The Federal High Court eventually acquitted Der Spiegel and all the defendants -- and the US Judge Advocate's Office in Heidelberg categorically denied the Spiegel article had endangered US troops. Augstein's arrest politicized a generation of students, however. During his six weeks in jail there were demonstrations for his release, and thereafter he was lionized at universities.

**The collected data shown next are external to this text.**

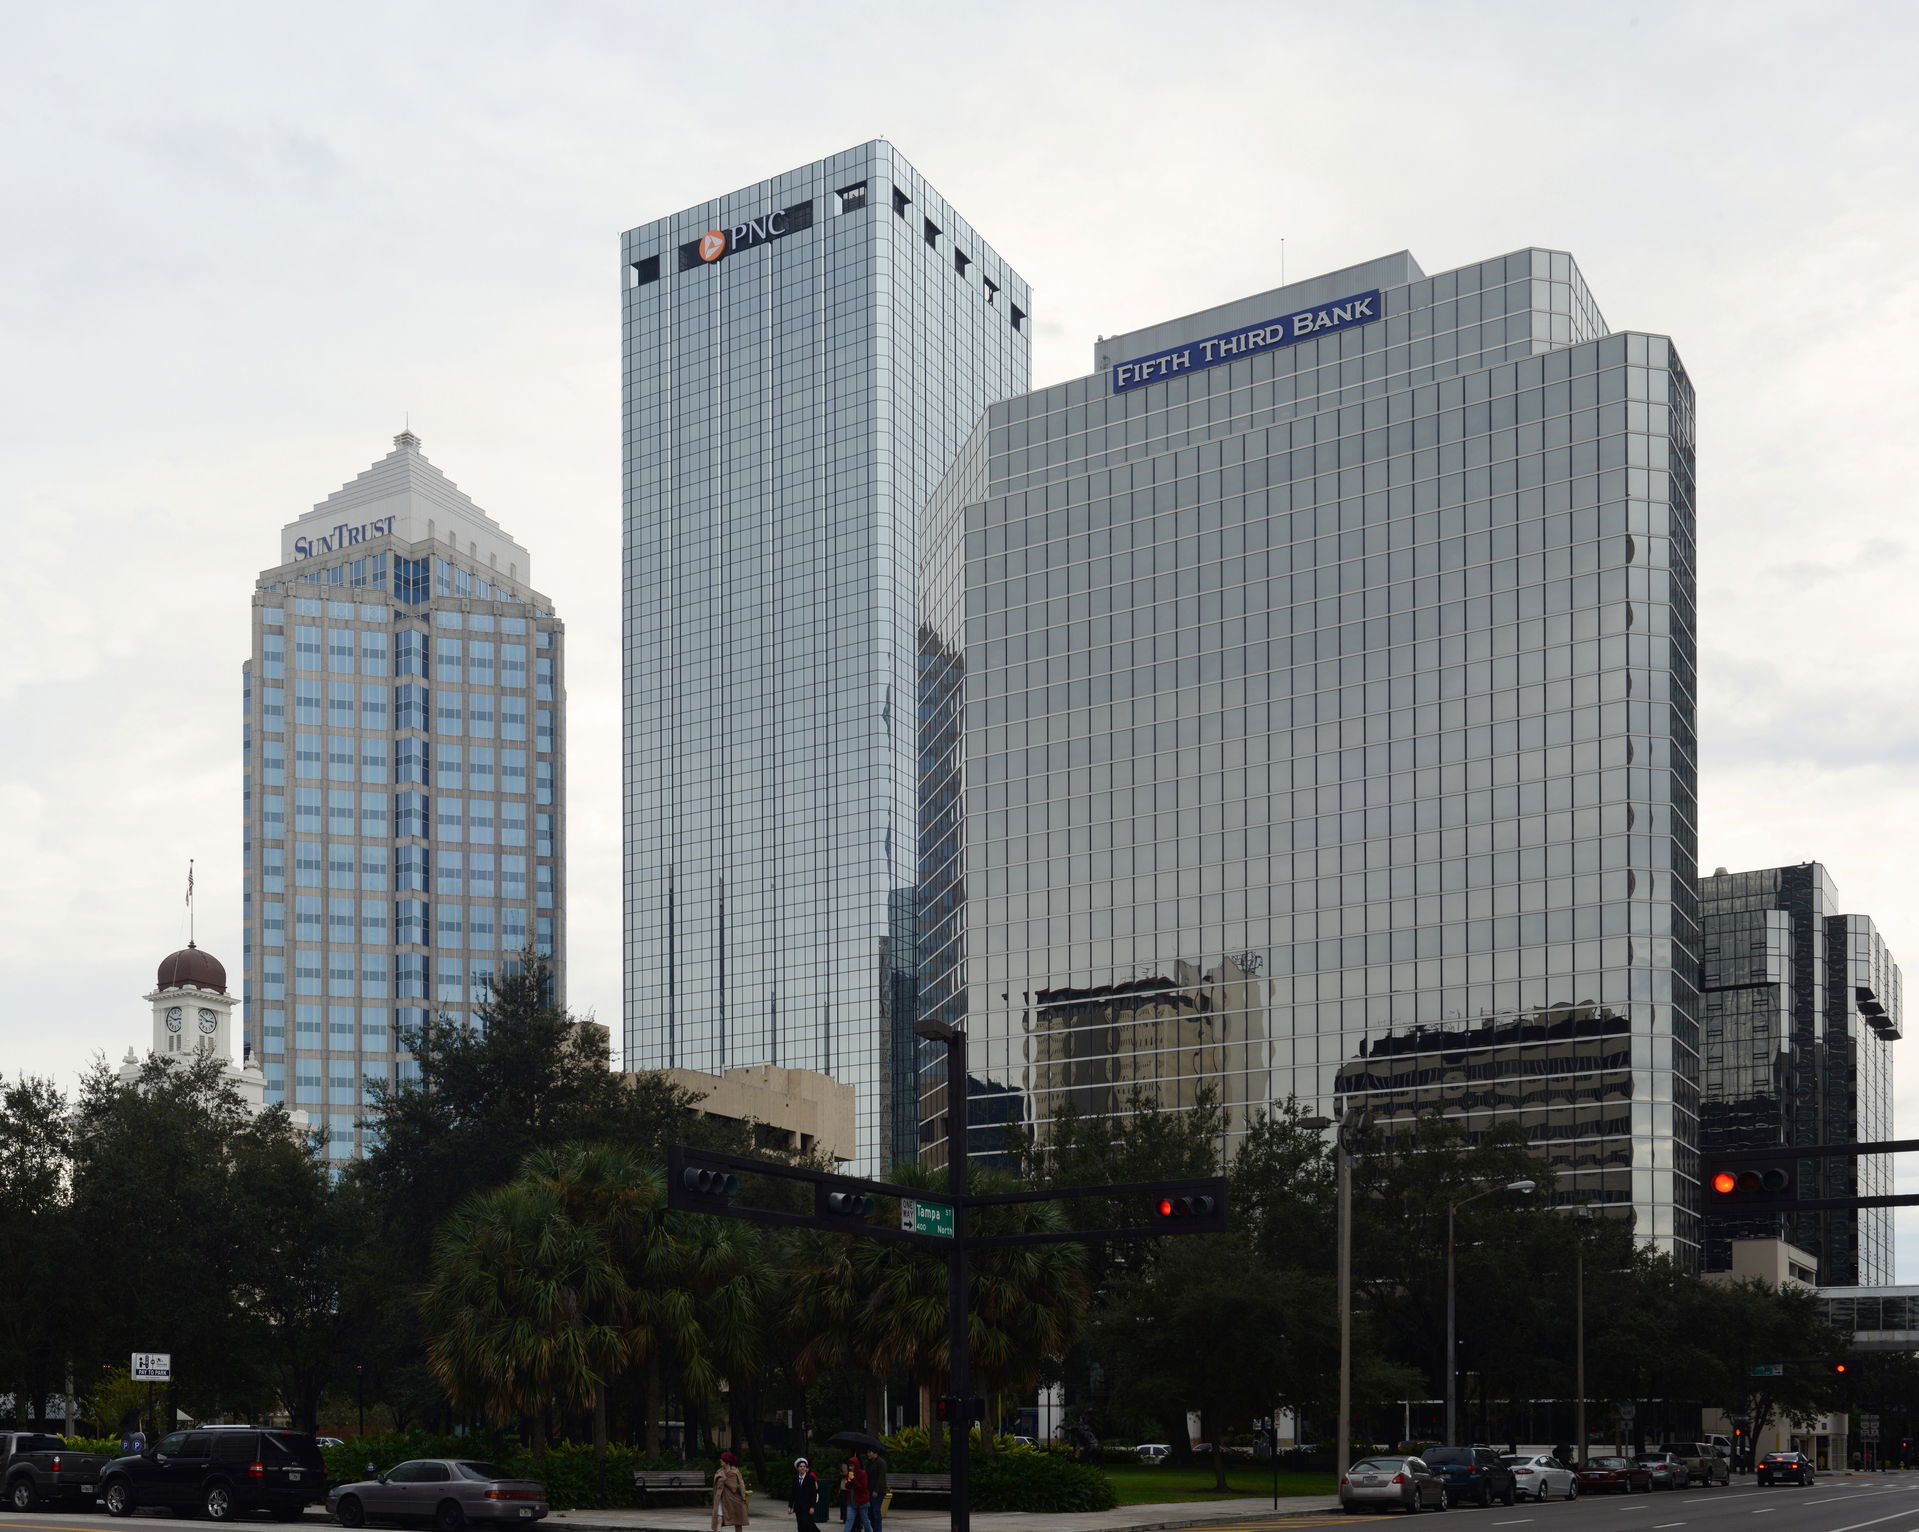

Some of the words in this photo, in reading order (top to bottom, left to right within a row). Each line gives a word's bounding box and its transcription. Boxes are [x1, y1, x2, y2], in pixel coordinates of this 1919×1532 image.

[731, 210, 786, 250] PNC
[1117, 350, 1191, 387] FIFTH
[1199, 324, 1284, 362] THIRD
[1292, 297, 1374, 337] BANK
[903, 1200, 914, 1210] ONE
[903, 1210, 914, 1219] WAY
[917, 1204, 941, 1221] Tampa
[917, 1223, 927, 1231] 400
[937, 1225, 953, 1235] North

Strauss made out less well. After denying in Parliament for two weeks that he had been involved in getting Ahlers arrested, he finally conceded his role. The conservatives' junior coalition partner, the Free Democrats, threatened to pull down the government if Strauss didn't resign. The 85-year-old Adenauer, who in any case resented Strauss's ambition to replace him, then forced Strauss out. The Christian Democrats, who had been trying to get Adenauer to yield to a younger chancellor, thereupon insisted that Ludwig Erhard take over to manage the economic miracle.
By 1966 Strauss was back in a new ``grand coalition'' as finance minister -- and press spokesman for the government was one Conrad Ahlers, the Spiegel writer who had been yanked back from his Spanish vacation. Since then, Strauss and Spiegel have continued what Spiegel foreign editor Michael Naumann describes as their love-hate relationship, with Strauss interviews regularly appearing in the magazine, to the profit of both.

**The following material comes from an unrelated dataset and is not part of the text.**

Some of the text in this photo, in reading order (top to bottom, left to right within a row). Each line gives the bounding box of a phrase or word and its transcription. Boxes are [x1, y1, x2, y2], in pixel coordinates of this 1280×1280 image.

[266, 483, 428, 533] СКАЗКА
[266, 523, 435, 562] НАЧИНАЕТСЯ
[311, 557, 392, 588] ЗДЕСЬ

Chapter 2 of the Spiegel Affair opened in 1981, when British magazine publisher Sir James Goldsmith said in a parliamentary chamber -- then repeated in print -- that Der Spiegel's infamous article was orchestrated by the KGB (presumably through the whistleblowing West German Army colonel.) According to Goldsmith, the Soviet aim was to force Strauss out because he was too anti-Soviet.

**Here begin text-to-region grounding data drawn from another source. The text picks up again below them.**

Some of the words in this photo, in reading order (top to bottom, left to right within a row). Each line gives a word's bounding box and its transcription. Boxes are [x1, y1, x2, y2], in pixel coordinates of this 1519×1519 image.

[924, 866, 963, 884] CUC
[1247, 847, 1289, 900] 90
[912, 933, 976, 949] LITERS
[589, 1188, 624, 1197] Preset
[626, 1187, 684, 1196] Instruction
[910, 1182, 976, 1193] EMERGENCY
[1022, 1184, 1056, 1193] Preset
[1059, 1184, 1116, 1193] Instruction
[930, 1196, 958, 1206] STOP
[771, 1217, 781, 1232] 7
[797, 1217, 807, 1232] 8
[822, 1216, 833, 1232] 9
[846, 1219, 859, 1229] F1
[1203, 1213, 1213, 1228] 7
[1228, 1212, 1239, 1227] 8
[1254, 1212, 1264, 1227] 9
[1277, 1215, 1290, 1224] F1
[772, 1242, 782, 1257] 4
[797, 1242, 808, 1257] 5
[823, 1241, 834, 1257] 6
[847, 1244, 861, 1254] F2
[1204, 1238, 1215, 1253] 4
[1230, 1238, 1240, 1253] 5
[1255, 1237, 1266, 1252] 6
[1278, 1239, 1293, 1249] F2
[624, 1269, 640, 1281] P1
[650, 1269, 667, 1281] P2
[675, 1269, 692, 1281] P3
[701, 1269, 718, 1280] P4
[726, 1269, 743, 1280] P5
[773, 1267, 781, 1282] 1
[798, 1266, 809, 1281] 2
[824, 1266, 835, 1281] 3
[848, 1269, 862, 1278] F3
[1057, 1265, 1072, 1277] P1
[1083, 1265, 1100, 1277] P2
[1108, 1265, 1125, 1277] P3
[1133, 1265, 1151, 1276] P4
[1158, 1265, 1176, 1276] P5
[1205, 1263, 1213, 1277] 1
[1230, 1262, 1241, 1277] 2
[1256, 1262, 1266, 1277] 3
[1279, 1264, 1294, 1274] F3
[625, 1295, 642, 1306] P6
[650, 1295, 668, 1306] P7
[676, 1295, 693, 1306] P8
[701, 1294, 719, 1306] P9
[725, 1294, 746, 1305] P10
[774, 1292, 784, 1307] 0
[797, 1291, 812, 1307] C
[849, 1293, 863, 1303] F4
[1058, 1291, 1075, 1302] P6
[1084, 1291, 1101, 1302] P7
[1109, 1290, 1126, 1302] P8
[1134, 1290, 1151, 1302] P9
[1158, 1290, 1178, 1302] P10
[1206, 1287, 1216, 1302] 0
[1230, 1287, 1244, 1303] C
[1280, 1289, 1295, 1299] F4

Goldsmith cited comments by Gen. Jan Sejna, the hard-line political chief of the Czechoslovak Army who resisted the Prague reform leadership in 1968 and fled to the West just as he was to be arrested on charges of embezzlement. (Ladislav Bittman -- the deputy head of the Czech disinformation service who defected to the West only after the Soviet invasion of Czechoslovakia -- says the Czechs were privy to no such plot.)
Der Spiegel sued Goldsmith for libel in Britain; the magazine reasoned that Goldsmith could hardly prove that the KGB had the foresight to know that Strauss would arrange for the arrest of a German in Spain, stonewall it in Parliament, and then be fired because of it.
Only after the pretrial investigation had begun, according to Mr. Naumann, did Der Spiegel realize that British law, unlike German law, puts the burden of proof in such cases on the plaintiff rather than the defendant. By the time Goldsmith's lawyers called for evidence from Der Spiegel's files, including several full years of back issues of Pravda and other Soviet-bloc papers -- again according to Naumann -- Spiegel had second thoughts and went for an out-of-court settlement. Goldsmith supporters, like one interviewed in London who asked that his name not be used, say that Spiegel initiated the arbitration and that this amounts to an admission by Der Spiegel and a victory for Goldsmith.
Goldsmith immediately took out full-page ads in major British and American newspapers in October giving the text of the settlement. He didn't mean to imply that Der Spiegel had wittingly disseminated Soviet disinformation, his statement read -- leaving the clear implication that the magazine had still been an unwitting dupe of Soviet disinformation.
In summing up the settlement columnist Gerd Bucerius suggested Goldsmith was himself engaging in disinformation.
``Of course, the KGB tries to spread its true and false assertions everywhere,'' Bucerius said in the weekly Die Zeit. ``The Spiegel campaign against Franz Josef Strauss was at that time so fierce that it often drove me to the side of Strauss, a man I admired. But I never had the impression that Spiegel trafficked in untrue assertions steered by the East.
``Now, however, Sir James Goldsmith shouldn't seek to manipulate us.''
Conclusion: One man's disinforma-mation may be another man's free press.